Well I know aking means "my" however I don't understand when its combined with certain words. Can someone decipher the mean of aking puwede, aking sinasabi and aking pupuntahan? And possibly explain how the word aking functions when combined with other words besides the obvious nouns. Also, what does isip ko mean? Does it simply mean "I think"? Finally how do you say "yourself" when refering to someone else, would that be sarili mo? Thanks.


----------



## niernier

Jeffjohn said:


> Well I know aking means "my" however I don't understand when its combined with certain words. Can someone decipher the mean of aking puwede, aking sinasabi and aking pupuntahan? And possibly explain how the word aking functions when combined with other words besides the obvious nouns. Also, what does isip ko mean? Does it simply mean "I think"? Finally how do you say "yourself" when refering to someone else, would that be sarili mo? Thanks.





> *aking puwede should come with a verb.*
> 
> Aking pwedeng sabihin = What I can say
> Aking pwedeng puntahan = What I can go
> 
> aking sinasabi = What I am saying
> aking pupuntahan = Where I am going



This usage of akin is "somewhat" archaic or maybe poetic in a sense. I can't even think of a sentence using these phrases. Maybe you can give us a sentence where they were used so we can validate its usage. However, [akin+noun] is still in use.

I have a suggestion. "ko" is more commonly used in sentences and is more conversational.



> libro ko = my book
> lapis ko = my pencil
> *isip ko = my mind*
> 
> sinasabi ko = What I am saying
> pupuntahan ko = Where I am going
> iniisip ko = What I am thinking
> Ang iniisip ko lang... = What I am just thinking is that...

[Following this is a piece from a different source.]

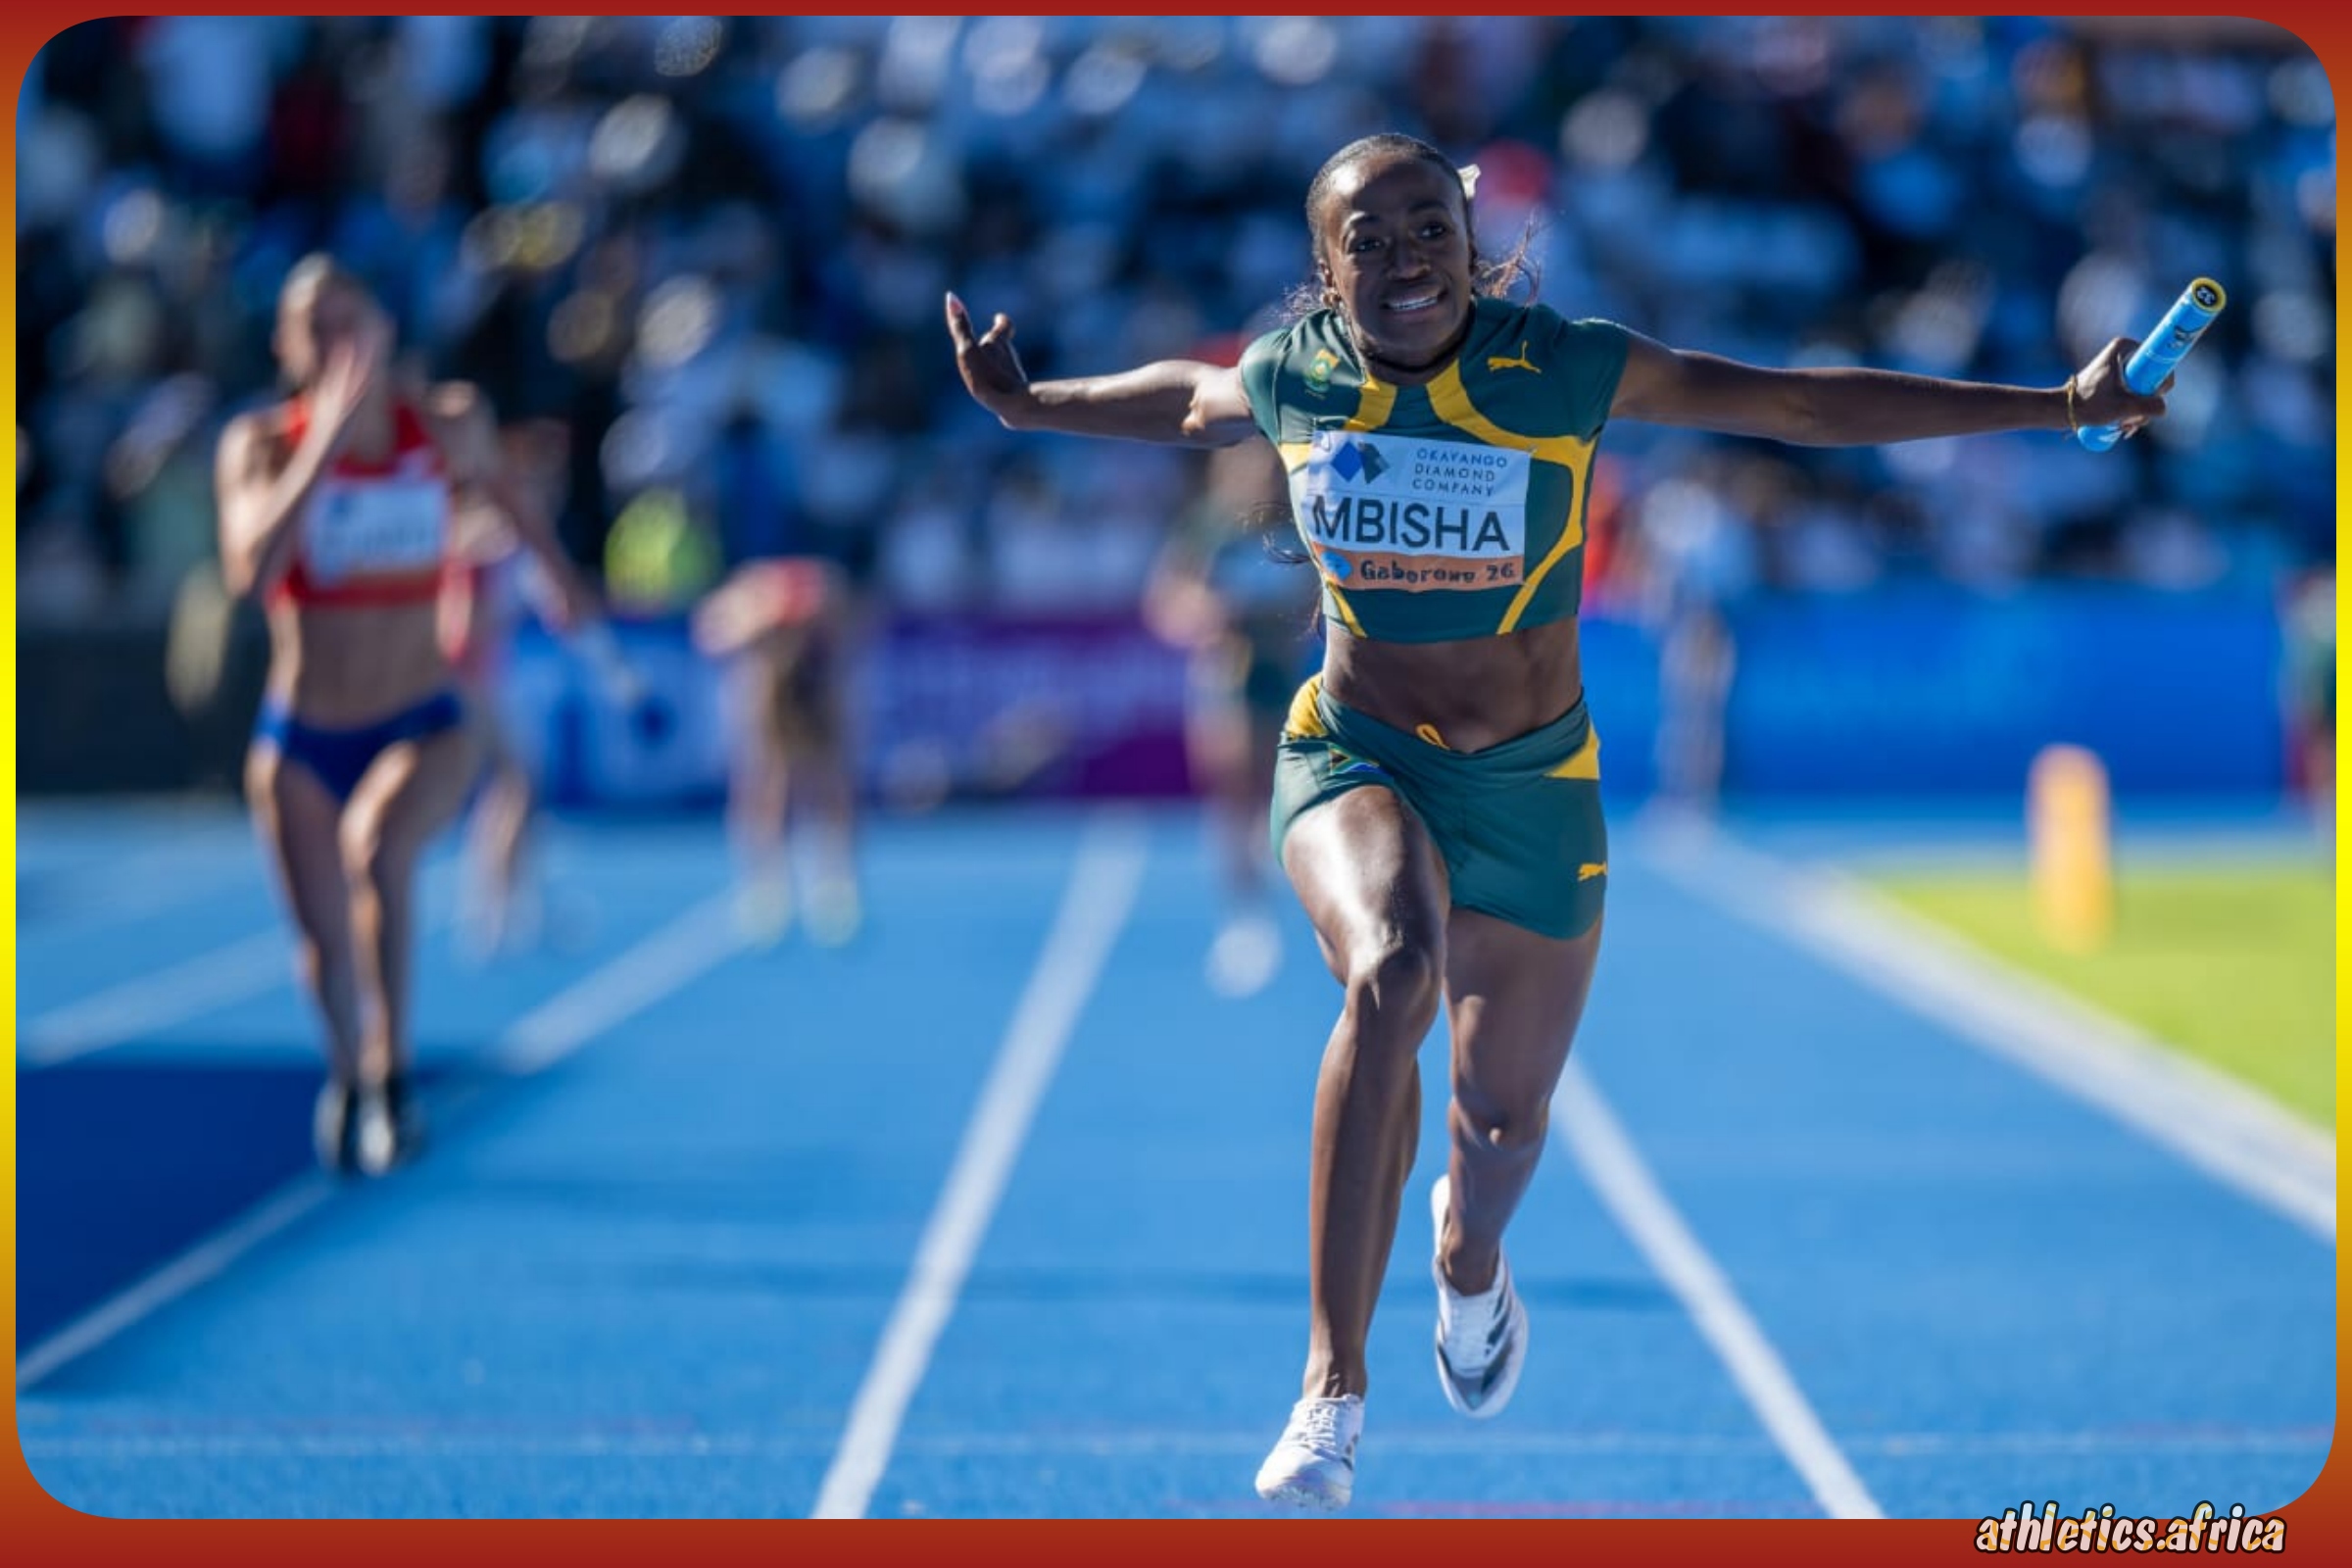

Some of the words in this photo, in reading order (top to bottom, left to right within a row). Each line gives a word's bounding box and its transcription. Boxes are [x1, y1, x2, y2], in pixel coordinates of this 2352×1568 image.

[1414, 463, 1495, 482] DIAMOND
[1412, 478, 1494, 497] COMPANY
[1311, 495, 1510, 552] MBISHA
[1486, 563, 1514, 581] 26

Basically that's it. The translation of [verb+ko] actually depends on how it was used.


Yes, you are correct. "yourself" in Tagalog is "sarili mo"
[noun+mo] in English is [your+noun]



> libro mo = your book
> lapis mo = your pencil
> isip mo  = your mind
> 
> sinasabi mo = What you are saying
> pupuntahan mo = Where you are going
> iniisip mo = What you are thinking


----------



## Jeffjohn

Thanks for the helpful reply.All of my examples come from filipino rap.Here is one of the lyrics in question from the song diploma by Gloc 9.I made a mistake and he says 
"aking pwedeng" 

"aking pwedeng tapakan aking pwedeng lakaran aking pwedeng tamnan ng mga binhing sa kalaunan ay aking pwedeng maani at aking pwedeng masabi minsan"


----------



## niernier

You didn't made a mistake because the final "ng" in "pwede*ng*" is a ligature. Also the final "g" in akin*g*. The simple/basic words are "akin"(my/mine) and "pwede"(can/  be able to)

Tagalog ligatures are attached to words in order to modify them. The ligature used depends on the ending letter of the word.

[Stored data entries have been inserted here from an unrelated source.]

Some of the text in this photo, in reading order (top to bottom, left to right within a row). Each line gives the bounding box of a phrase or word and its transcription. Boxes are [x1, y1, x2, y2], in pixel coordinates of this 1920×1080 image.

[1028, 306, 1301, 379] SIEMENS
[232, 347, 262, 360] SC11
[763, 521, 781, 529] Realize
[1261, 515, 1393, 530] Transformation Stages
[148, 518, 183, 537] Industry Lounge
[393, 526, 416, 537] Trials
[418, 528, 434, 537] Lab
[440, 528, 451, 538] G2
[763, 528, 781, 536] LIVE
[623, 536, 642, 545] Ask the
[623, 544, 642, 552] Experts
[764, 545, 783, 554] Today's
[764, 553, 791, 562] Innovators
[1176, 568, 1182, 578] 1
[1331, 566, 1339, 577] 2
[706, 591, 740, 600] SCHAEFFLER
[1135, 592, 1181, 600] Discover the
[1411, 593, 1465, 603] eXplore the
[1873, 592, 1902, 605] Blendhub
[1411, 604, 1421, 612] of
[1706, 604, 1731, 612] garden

> * The ligature -ng is attached to words that end with a vowel
> * The ligature -g is attached to words that end with the letter "n"
> * The ligature na comes after the word being modified if it ends in a consonant other than "n"


This usage of "akin" is obviously poetic because it comes from a song.



> In the end I won't allow to be deprived of land,
> 
> *aking *pwedeng tapakan = where I can step on
> 
> *aking *pwedeng lakaran = where I can walk on
> 
> *aking *pwedeng tamnan ng mga binhing sa kalaunan ay *aking *pwedeng maani = where I can plant the seeds   which sooner or later I can harvest
> 
> at *aking *pwedeng masabi minsan = and so I can say for a moment or two,
> 
> ako ay naghari sa palasyo ng pangarap na *aking *inaasam = I reigned in the palace of dreams that I am longing for.



If you have been studying Filipino, "akin" is more commonly used as the word "mine"

_*A**kin *_ang pulang kama. = The red bed is *mine*.


----------